Last year The Sunday Age revealed there had been a 10 per cent rise in the number of patients receiving shock therapy since the previous year.
Almost 20,000 sessions were carried out on 1791 patients in Victorian hospitals in the 2009-10 financial year, including 46 sessions on seven children under 17 and a further 163 on an undisclosed number of 18 to 19-year-olds.
In submissions, the Australian Medical Association, the Royal Australian and New Zealand College of Psychiatrists and the Victorian branch of the Australian Nursing Federation called for the draft bill to be amended to allow shock therapy on children.
Doctors from the University of Melbourne department of psychiatry mounted the most strident objections to the changes, arguing they imply doctors are ''evil and want to harm their patients''.
One of the doctors, David Castle, who is also chair of psychiatry at St Vincent's Hospital, told The Sunday Age that while shock therapy on children was extremely rare, it was a valuable treatment option.

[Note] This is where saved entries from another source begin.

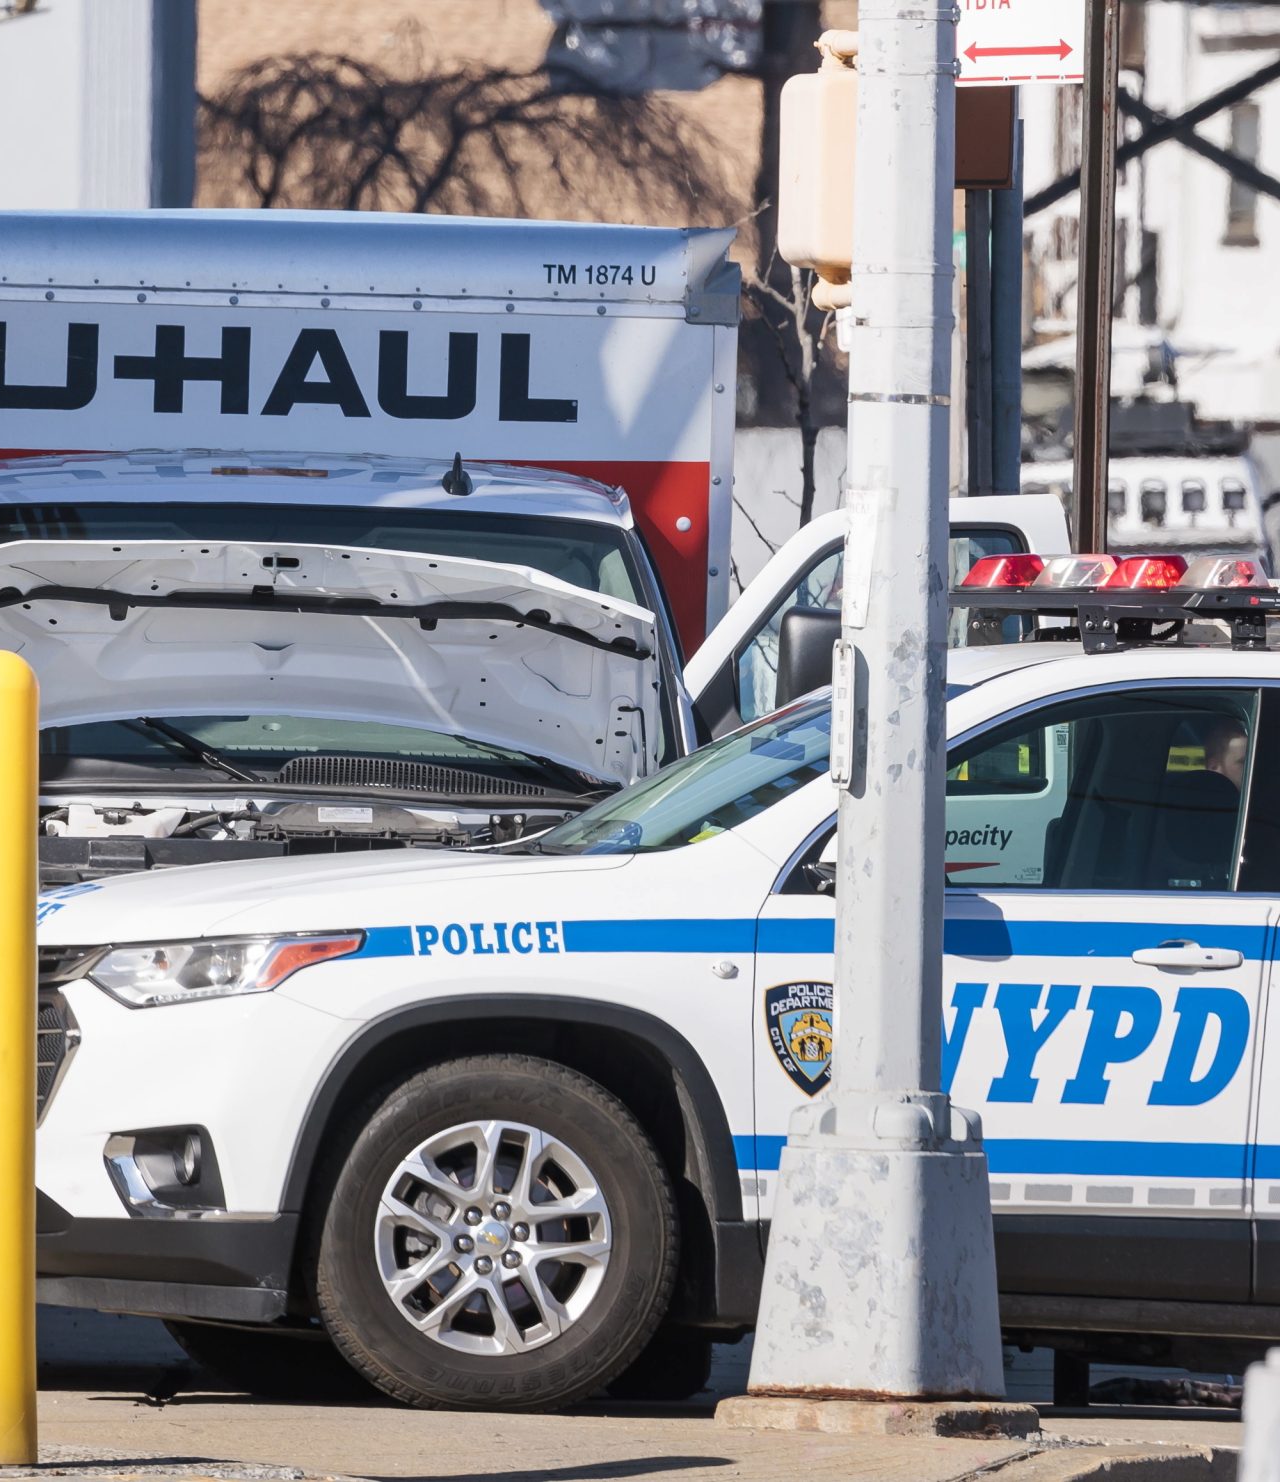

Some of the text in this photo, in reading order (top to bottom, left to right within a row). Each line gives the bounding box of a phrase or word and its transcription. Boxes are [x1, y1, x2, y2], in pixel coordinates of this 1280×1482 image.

[543, 264, 656, 286] TM 1874 U
[944, 823, 1014, 852] pacity
[415, 921, 561, 956] POLICE
[788, 983, 834, 998] POLICE
[770, 1026, 799, 1073] CITY OF
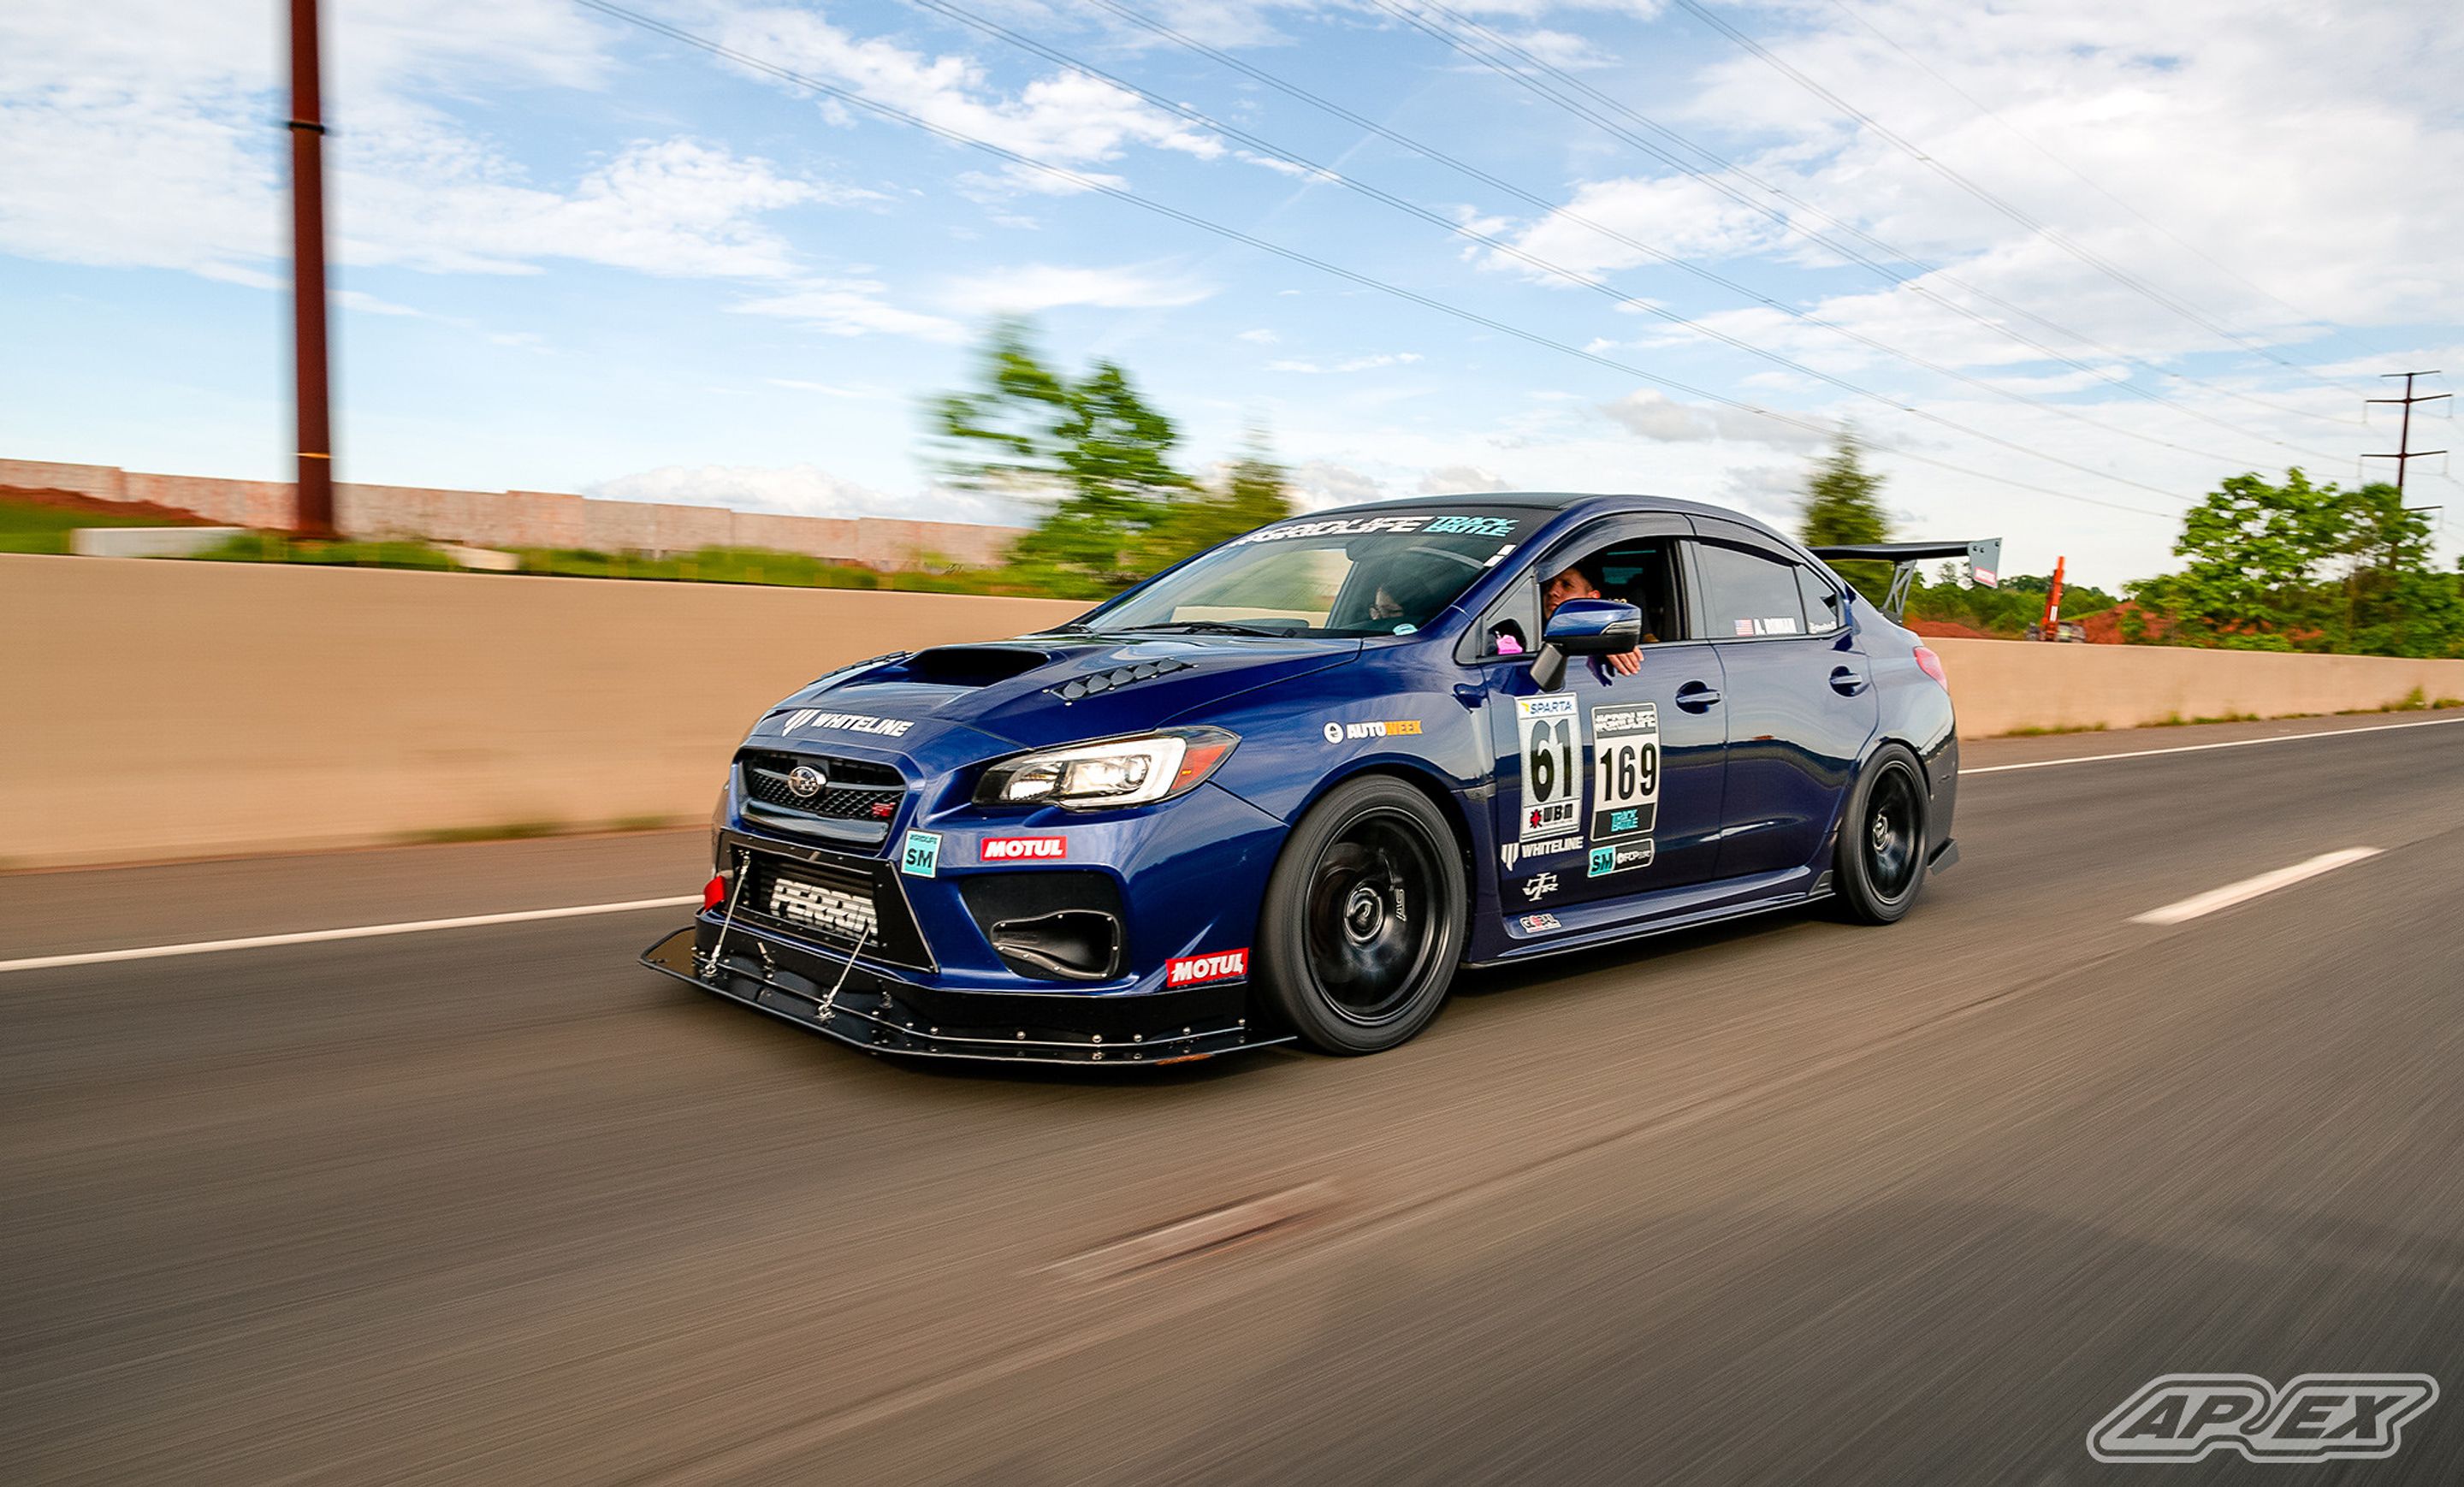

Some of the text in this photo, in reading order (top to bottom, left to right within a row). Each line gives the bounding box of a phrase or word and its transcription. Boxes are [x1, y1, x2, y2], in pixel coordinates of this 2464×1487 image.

[1530, 702, 1573, 714] SPARTA
[810, 713, 915, 738] WHITELINE
[1530, 720, 1572, 803] 61
[1600, 743, 1656, 802] 169
[906, 848, 933, 868] SM
[984, 839, 1063, 857] MOTUL
[1521, 836, 1584, 858] WHITELINE
[1591, 853, 1613, 872] SM
[1170, 953, 1244, 982] MOTUL

''Anything that categorically bans it could be enormously damaging because some youngsters do get very severe depression and ECT is an extremely effective and very safe treatment. The new law means it's going to be very difficult to give it to a patient, especially in an emergency when people are in a totally dire situation where they're not eating or drinking or intensely suicidal,'' he said.
Under the draft laws, doctors would be limited to a maximum of 12 sessions of electric shock therapy per patient and would have to seek permission from a mental health tribunal.
Youthlaw's submission expressed concern about the effects of shock therapy on the developing brain and called for a ban on the treatment for patients up to the age of 25.
A spokeswoman for Mental Health Minister Mary Wooldridge said the reforms were complex and the state government was reviewing feedback.